In next-door’s garden
there’s a sparkling circle of water,
unruffled by wind and rain.
I often wonder
if the refection of leaves and clouds,
if its pristine perfection
has ever been cracked,
shattered by the density of stone,
perforated by herons.
Are there even fish
in that quiet, crystalline water;
does any pond life exist?
Kim M. Russell, 13th April 2018
My response to The Poetry School NaPoWriMo prompt for Day 13: Moore Syllabics
Ali says that nobody likes syllabics; the free verse lot think it’s just metre in disguise, while the formalists think it’s cheating. He explains syllabic master Marianne Moore’s signature technique as follows: write a first stanza, usually of irregular line lengths, and then use that stanza as a blueprint for subsequent stanzas.
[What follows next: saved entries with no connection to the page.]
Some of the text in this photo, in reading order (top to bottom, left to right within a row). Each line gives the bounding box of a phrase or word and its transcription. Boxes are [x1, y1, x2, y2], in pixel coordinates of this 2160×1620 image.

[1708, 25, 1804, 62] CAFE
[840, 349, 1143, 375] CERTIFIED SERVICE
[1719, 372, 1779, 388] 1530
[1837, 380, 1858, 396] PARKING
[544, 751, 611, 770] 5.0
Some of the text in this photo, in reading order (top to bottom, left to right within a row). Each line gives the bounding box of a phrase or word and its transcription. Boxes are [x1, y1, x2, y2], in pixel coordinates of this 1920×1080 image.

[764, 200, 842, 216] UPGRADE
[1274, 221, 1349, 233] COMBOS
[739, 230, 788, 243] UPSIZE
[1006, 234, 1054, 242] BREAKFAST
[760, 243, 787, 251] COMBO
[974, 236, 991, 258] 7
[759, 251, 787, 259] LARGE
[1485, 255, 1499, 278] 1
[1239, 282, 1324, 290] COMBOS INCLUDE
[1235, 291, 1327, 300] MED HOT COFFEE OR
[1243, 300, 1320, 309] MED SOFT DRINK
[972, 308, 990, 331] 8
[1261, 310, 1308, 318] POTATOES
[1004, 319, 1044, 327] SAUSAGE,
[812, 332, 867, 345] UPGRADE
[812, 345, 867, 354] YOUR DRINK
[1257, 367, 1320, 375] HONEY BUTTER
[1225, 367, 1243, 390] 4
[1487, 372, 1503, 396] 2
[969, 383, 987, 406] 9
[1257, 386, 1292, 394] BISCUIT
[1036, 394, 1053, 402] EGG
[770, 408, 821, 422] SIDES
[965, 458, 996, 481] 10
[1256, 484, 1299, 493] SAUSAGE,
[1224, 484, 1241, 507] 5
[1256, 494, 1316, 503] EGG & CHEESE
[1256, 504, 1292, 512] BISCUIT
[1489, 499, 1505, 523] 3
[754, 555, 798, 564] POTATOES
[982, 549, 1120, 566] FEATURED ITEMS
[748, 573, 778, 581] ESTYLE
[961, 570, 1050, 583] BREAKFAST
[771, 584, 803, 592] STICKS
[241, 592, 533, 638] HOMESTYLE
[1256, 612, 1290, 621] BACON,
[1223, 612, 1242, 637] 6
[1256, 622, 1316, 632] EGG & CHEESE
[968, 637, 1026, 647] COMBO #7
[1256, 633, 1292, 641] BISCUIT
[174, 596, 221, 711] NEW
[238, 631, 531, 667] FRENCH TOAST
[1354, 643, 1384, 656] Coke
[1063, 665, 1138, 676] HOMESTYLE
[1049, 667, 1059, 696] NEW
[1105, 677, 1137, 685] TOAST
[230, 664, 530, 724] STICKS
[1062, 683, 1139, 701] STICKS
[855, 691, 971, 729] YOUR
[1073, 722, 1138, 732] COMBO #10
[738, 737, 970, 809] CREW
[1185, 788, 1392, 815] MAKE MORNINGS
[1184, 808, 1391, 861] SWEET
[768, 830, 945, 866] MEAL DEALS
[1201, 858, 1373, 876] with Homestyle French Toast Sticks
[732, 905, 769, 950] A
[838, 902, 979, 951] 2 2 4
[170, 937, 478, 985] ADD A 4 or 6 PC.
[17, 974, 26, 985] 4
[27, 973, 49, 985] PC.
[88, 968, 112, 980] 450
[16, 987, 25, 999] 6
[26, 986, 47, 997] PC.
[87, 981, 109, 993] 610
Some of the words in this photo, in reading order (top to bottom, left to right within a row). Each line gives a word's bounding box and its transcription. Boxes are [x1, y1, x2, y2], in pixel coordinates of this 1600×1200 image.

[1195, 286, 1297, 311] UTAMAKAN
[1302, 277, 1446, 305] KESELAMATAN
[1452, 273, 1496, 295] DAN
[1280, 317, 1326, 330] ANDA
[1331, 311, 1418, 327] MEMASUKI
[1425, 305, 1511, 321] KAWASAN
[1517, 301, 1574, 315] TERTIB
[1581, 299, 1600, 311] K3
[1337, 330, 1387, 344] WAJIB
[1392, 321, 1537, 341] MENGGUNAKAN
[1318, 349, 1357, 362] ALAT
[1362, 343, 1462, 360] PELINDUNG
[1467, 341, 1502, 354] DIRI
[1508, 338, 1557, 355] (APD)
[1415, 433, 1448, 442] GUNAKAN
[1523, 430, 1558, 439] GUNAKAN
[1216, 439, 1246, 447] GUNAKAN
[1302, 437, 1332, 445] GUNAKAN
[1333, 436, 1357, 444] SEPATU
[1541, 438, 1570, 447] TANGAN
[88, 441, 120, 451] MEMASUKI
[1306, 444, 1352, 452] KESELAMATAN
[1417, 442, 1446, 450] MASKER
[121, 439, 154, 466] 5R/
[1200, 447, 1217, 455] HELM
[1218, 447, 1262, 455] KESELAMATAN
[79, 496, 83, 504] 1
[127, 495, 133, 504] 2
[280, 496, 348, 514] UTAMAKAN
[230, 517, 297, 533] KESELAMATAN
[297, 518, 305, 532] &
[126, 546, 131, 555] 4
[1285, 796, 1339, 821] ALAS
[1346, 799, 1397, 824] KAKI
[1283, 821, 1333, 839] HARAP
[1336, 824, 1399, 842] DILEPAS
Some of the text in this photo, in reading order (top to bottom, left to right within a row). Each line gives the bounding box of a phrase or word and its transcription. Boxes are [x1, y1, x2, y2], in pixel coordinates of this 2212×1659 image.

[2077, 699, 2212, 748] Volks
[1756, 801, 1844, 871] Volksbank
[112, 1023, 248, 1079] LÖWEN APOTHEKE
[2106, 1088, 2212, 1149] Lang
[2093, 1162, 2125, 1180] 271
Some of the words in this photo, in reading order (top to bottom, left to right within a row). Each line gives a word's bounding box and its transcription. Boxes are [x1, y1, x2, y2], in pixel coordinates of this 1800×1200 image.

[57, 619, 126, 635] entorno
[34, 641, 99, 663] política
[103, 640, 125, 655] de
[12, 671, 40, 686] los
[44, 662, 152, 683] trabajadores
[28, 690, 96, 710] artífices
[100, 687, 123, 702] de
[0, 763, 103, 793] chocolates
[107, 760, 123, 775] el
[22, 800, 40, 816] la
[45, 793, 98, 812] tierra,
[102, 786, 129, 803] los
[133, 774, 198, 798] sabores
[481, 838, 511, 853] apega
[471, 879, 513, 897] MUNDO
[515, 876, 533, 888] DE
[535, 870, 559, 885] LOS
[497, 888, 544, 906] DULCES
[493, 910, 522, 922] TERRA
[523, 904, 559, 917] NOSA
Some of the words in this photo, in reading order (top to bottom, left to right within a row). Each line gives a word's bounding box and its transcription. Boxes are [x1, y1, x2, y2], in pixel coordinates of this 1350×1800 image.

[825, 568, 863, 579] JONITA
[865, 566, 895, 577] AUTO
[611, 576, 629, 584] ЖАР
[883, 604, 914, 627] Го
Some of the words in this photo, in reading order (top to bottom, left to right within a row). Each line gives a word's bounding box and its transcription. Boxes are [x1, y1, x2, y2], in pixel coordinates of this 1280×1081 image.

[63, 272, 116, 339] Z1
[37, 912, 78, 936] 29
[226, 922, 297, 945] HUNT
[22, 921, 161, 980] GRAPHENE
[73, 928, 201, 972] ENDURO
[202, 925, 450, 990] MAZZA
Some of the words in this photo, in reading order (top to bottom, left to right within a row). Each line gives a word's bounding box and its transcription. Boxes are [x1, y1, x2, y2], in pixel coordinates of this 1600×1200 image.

He gives as an example the first stanza of her poem ‘Black Earth’: the first line is 4 syllables, the second is 6 (Moore gives ‘natural’ its full 3 syllables), the third is 13, and so is the last. The second stanza follows the same pattern, and so on until the end of the poem.
Ali wants us to write a poem either with an old stanza we’re stuck on or we can write our first stanza especially for the prompt. The only additional rule is that we’re not allowed to break words across lines (‘sub-/Merged’) as Moore does.